Tyst lasciò la stanza senza salutare oltre. Ignorò l'ascensore che l'avrebbe riportato ai laboratori e prese invece la via del primo bagno infilandocisi dentro. Nonostante lo shock il suo super cervello gli permise di analizzare che dovunque c'erano telecamere meno che nelle toilette, così si infilò in una di quelle prima di lasciarsi andare. Accasciò entrambe le braccia e la fronte contro un muro prima di iniziare a sbattere più forte che poteva il pugno contro la parete, cercando di reprimere le lacrime che sentiva venir su.
Basta.
Doveva fare qualcosa.
Non era più possibile per lui tacitare oltre la sua coscienza. Aveva già demolito la sua convinzione che il suo lavoro lo faceva in nome della scienza. Ora, dopo quell'ennesimo crimine mostruoso di cui si sentiva responsabile, aveva messo a tacere anche la paura di quello che avrebbe potuto fargli Quinn se l'avesse scoperto.
Aveva deciso.
Avrebbe smesso di rendersi complice di quella follia.

 


Note dell'autrice: eccomi qui.

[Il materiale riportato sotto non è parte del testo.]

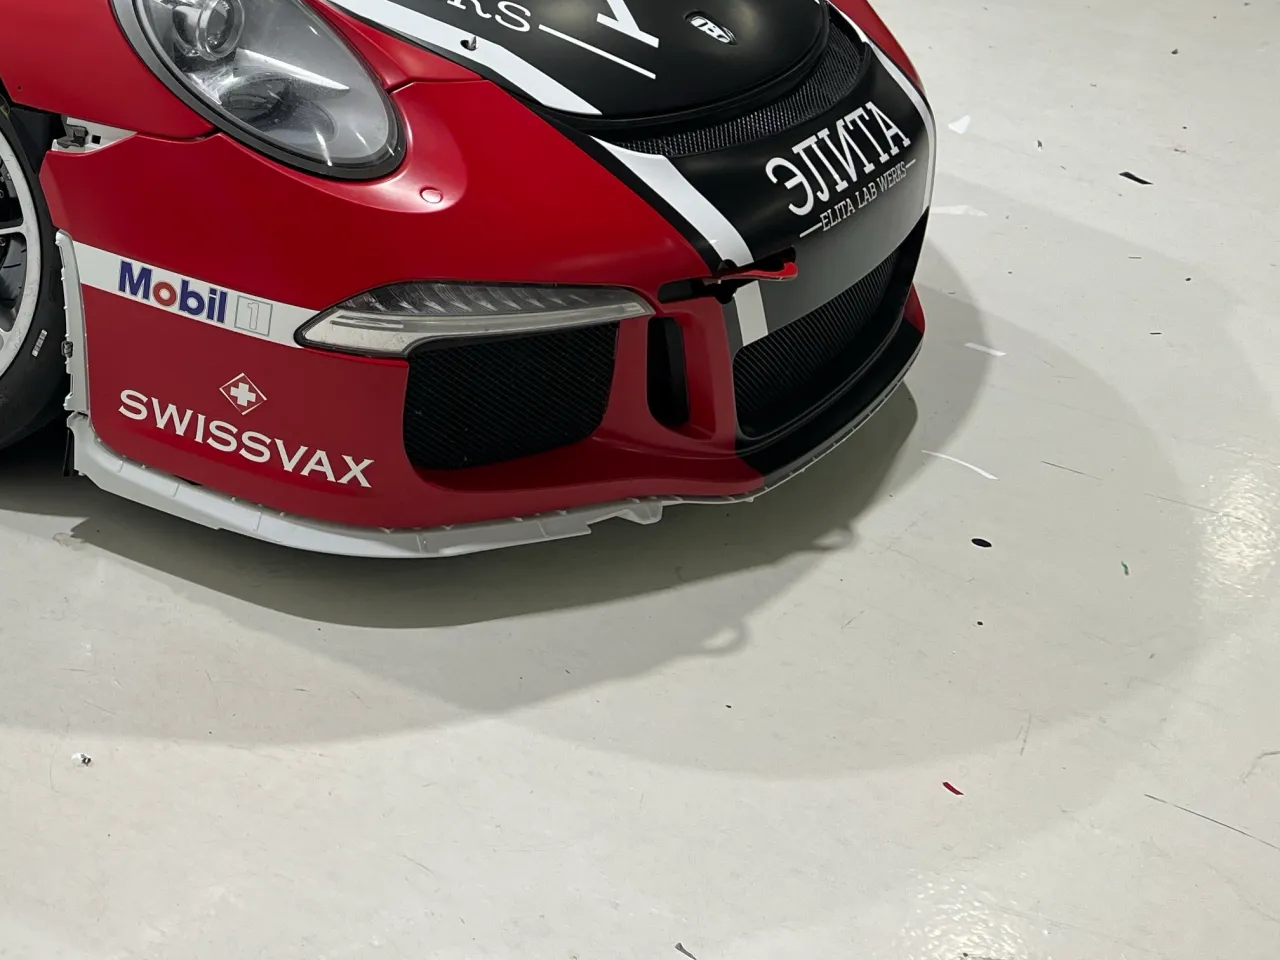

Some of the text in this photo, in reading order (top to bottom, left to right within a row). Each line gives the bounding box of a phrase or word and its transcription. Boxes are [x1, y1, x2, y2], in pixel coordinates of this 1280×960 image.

[820, 161, 907, 232] ELITA LAB WERKS
[117, 260, 228, 324] Mobil
[118, 389, 375, 489] SWISSVAX
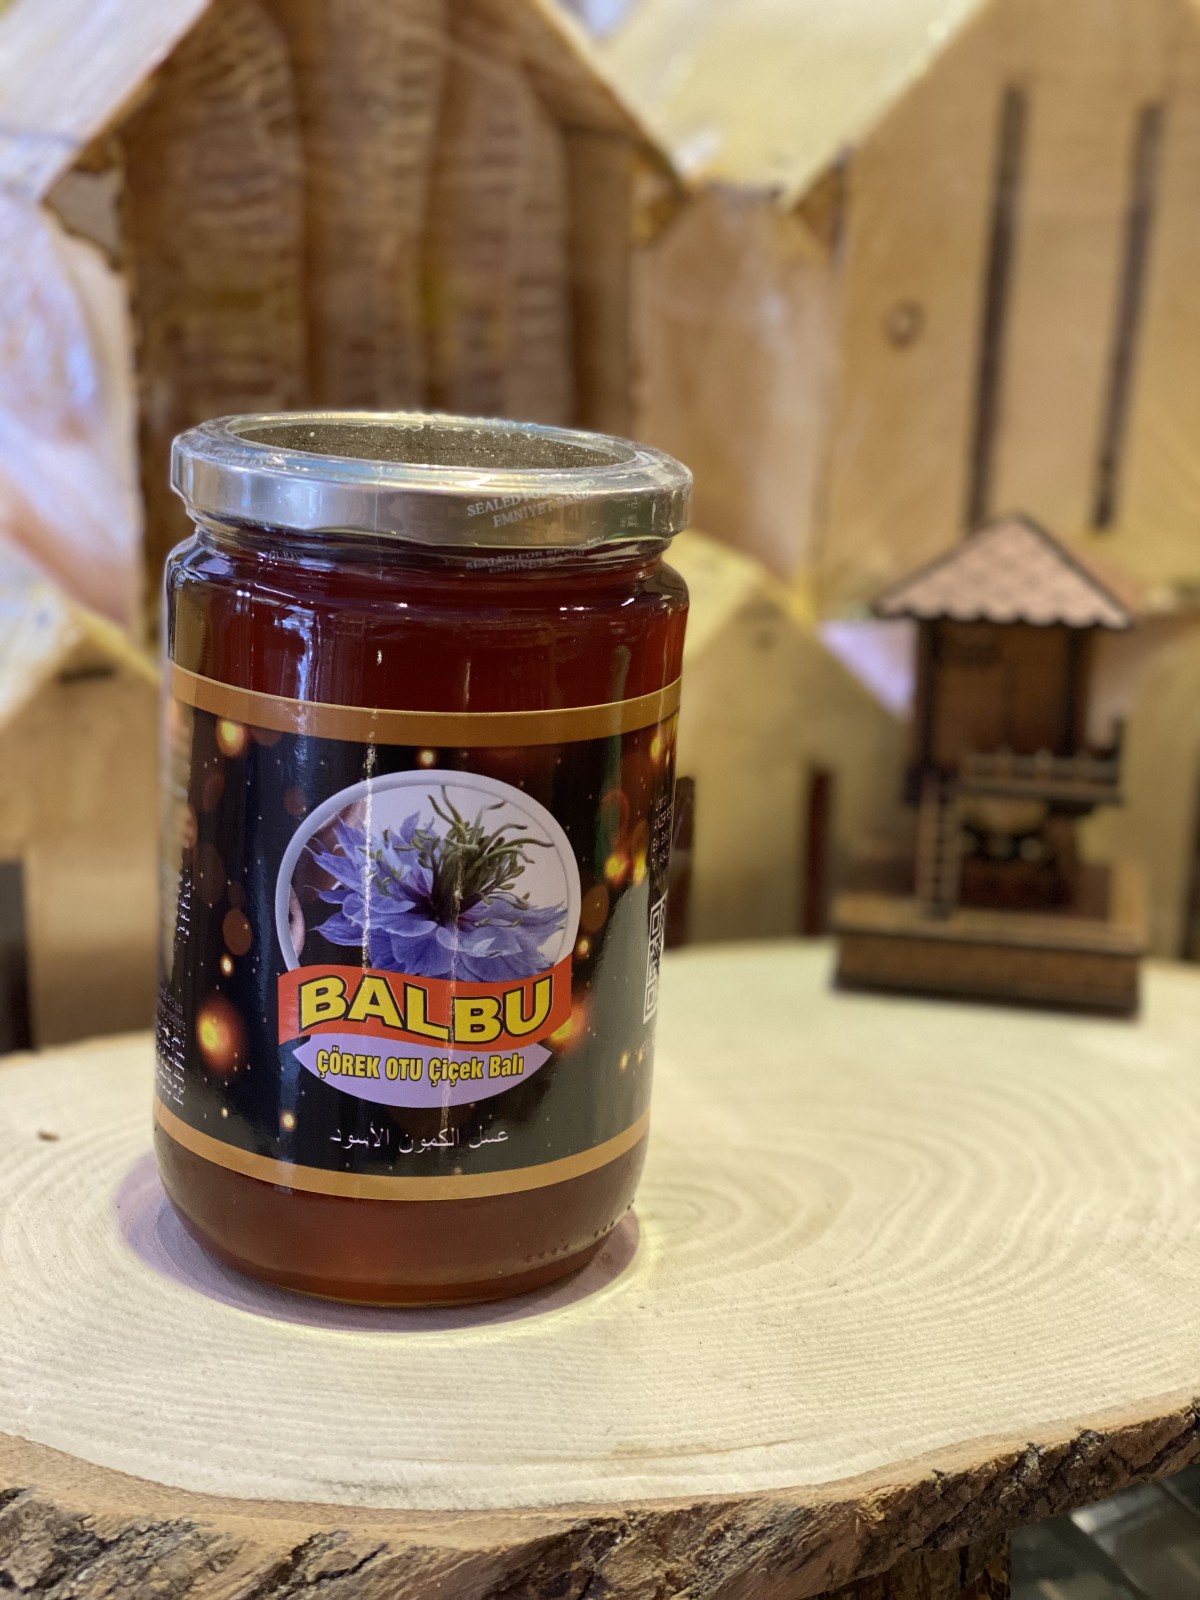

No, non sono morta. Faccio solo quello che posso. Ma tento di offrire un prodotto di qualità e quindi ci lavoro quando ho ispirazione e fino a renderlo migliore possibile ^^ (viene pistata... ai lettori non frega nulla della sua mania per la perfezione)

ora le note!
* Kree sarebbe la razza aliena a cui apparteneva il mezzo corpo da cui hanno estratto il siero GH. Skye non ha le visioni dei segni sul muro, quindi si è concluso che abbia materiale genetico in comune proprio con i Kree.